§ **TASK TO CARRY OUT**
Exactly as written, please set down all of the entries again, with no pictures.

[SOURCE MATERIAL]

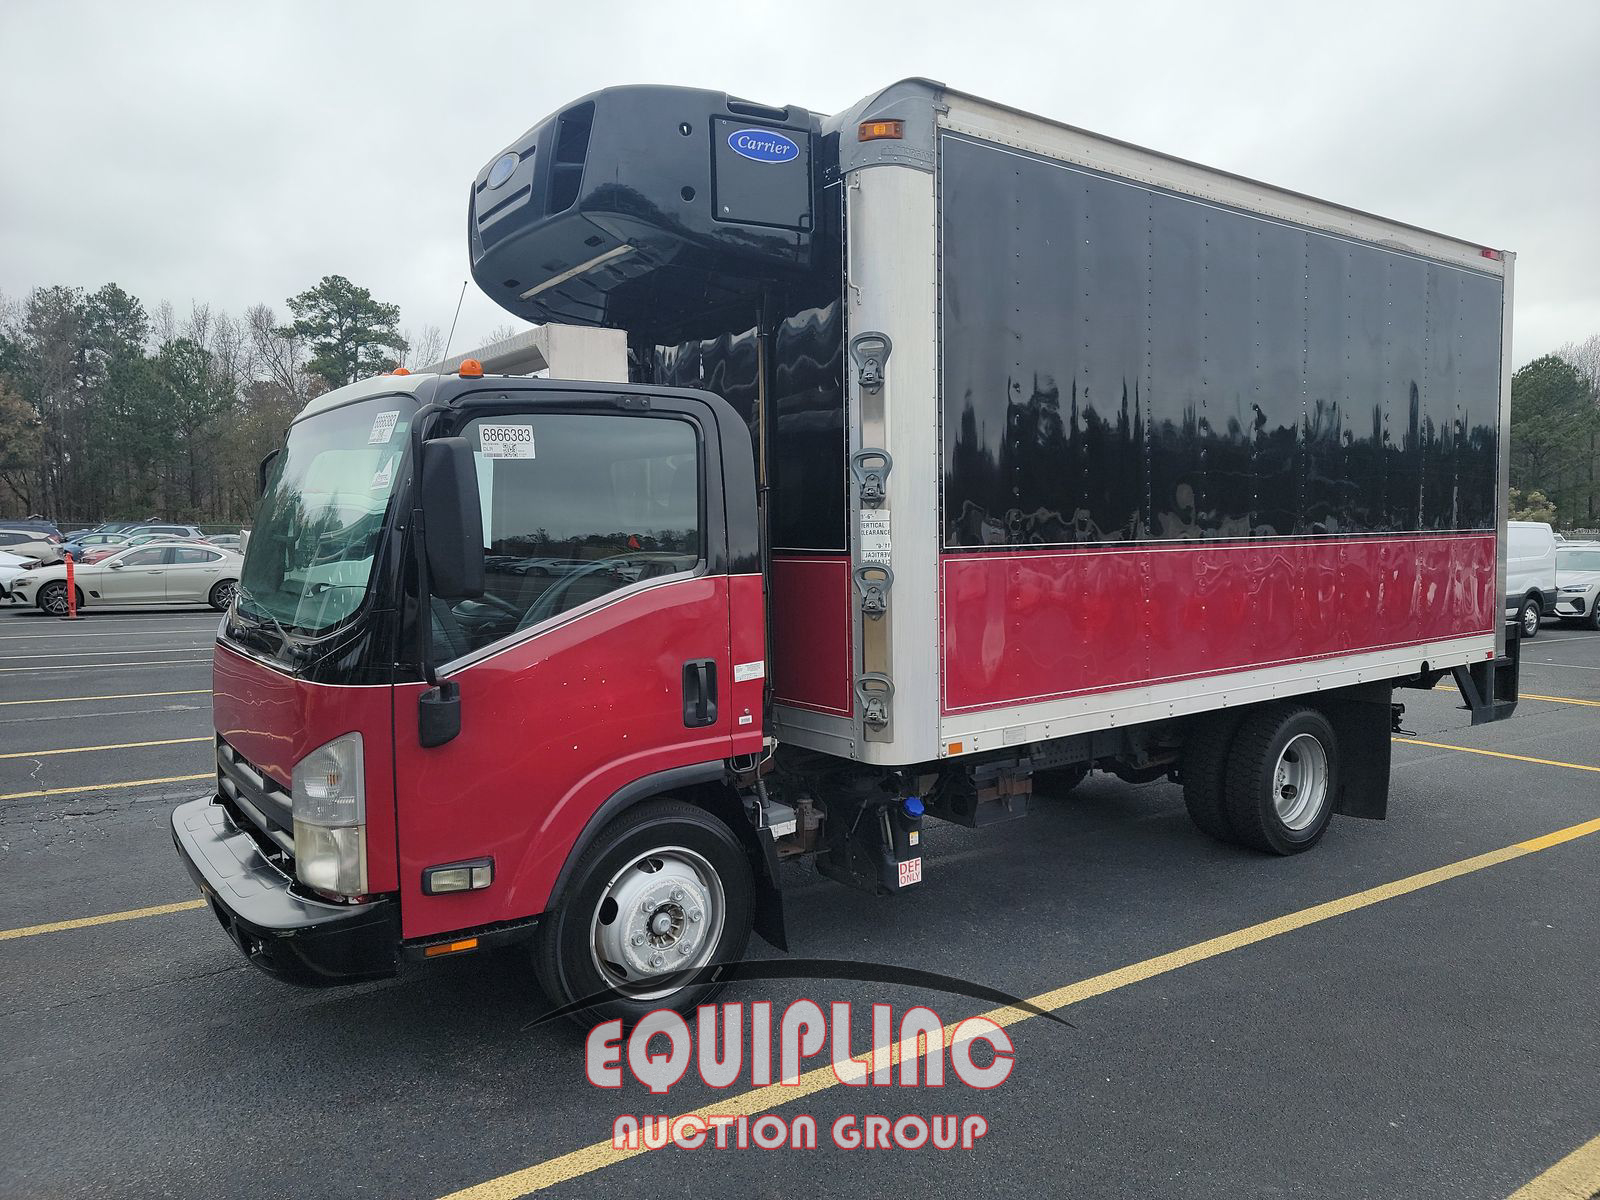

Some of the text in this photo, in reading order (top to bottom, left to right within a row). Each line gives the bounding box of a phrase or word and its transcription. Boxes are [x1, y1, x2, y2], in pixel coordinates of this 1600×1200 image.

[737, 135, 790, 155] Carrier
[483, 428, 531, 442] 6866383
[899, 859, 921, 875] DEF
[900, 872, 921, 885] ONLY

[/SOURCE MATERIAL]

§ **RESPONSE FOR THIS EXERCISE**
Some of the text in this photo, in reading order (top to bottom, left to right within a row). Each line gives the bounding box of a phrase or word and its transcription. Boxes are [x1, y1, x2, y2], in pixel coordinates of this 1600×1200 image.

[737, 135, 790, 155] Carrier
[483, 428, 531, 442] 6866383
[899, 859, 921, 875] DEF
[900, 872, 921, 885] ONLY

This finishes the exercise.